[RECORDS FOR PROCESSING]:
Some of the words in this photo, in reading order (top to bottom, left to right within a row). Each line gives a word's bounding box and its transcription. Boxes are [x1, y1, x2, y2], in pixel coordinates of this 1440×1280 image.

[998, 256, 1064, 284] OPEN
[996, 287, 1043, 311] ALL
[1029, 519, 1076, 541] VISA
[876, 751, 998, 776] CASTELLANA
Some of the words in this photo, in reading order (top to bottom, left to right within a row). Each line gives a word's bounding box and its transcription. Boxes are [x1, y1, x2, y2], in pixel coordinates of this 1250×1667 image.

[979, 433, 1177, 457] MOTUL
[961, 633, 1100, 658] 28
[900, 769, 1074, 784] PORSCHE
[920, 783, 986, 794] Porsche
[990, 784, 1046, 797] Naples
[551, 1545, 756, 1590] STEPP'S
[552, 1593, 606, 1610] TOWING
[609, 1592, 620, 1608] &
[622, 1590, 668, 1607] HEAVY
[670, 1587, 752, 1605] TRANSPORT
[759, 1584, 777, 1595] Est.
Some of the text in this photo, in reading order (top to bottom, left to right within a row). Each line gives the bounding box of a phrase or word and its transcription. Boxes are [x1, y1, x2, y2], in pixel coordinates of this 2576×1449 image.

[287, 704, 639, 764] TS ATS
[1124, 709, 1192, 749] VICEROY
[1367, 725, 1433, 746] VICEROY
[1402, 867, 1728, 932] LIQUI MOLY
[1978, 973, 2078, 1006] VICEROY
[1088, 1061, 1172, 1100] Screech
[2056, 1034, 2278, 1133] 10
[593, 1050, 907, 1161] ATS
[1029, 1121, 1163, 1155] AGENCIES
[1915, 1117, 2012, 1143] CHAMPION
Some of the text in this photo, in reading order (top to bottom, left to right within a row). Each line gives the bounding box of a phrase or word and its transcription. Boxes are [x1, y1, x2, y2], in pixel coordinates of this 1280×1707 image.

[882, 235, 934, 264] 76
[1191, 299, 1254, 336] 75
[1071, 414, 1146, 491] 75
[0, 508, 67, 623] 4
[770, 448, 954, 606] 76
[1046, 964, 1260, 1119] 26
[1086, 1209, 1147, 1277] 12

[TASK BRIEF]: Transcribe word for word the lines from the one holding "this 1280×1707 image." to the last line of the listing above, inclusive.

[RESPONSE TO THE TASK]:
Some of the text in this photo, in reading order (top to bottom, left to right within a row). Each line gives the bounding box of a phrase or word and its transcription. Boxes are [x1, y1, x2, y2], in pixel coordinates of this 1280×1707 image.

[882, 235, 934, 264] 76
[1191, 299, 1254, 336] 75
[1071, 414, 1146, 491] 75
[0, 508, 67, 623] 4
[770, 448, 954, 606] 76
[1046, 964, 1260, 1119] 26
[1086, 1209, 1147, 1277] 12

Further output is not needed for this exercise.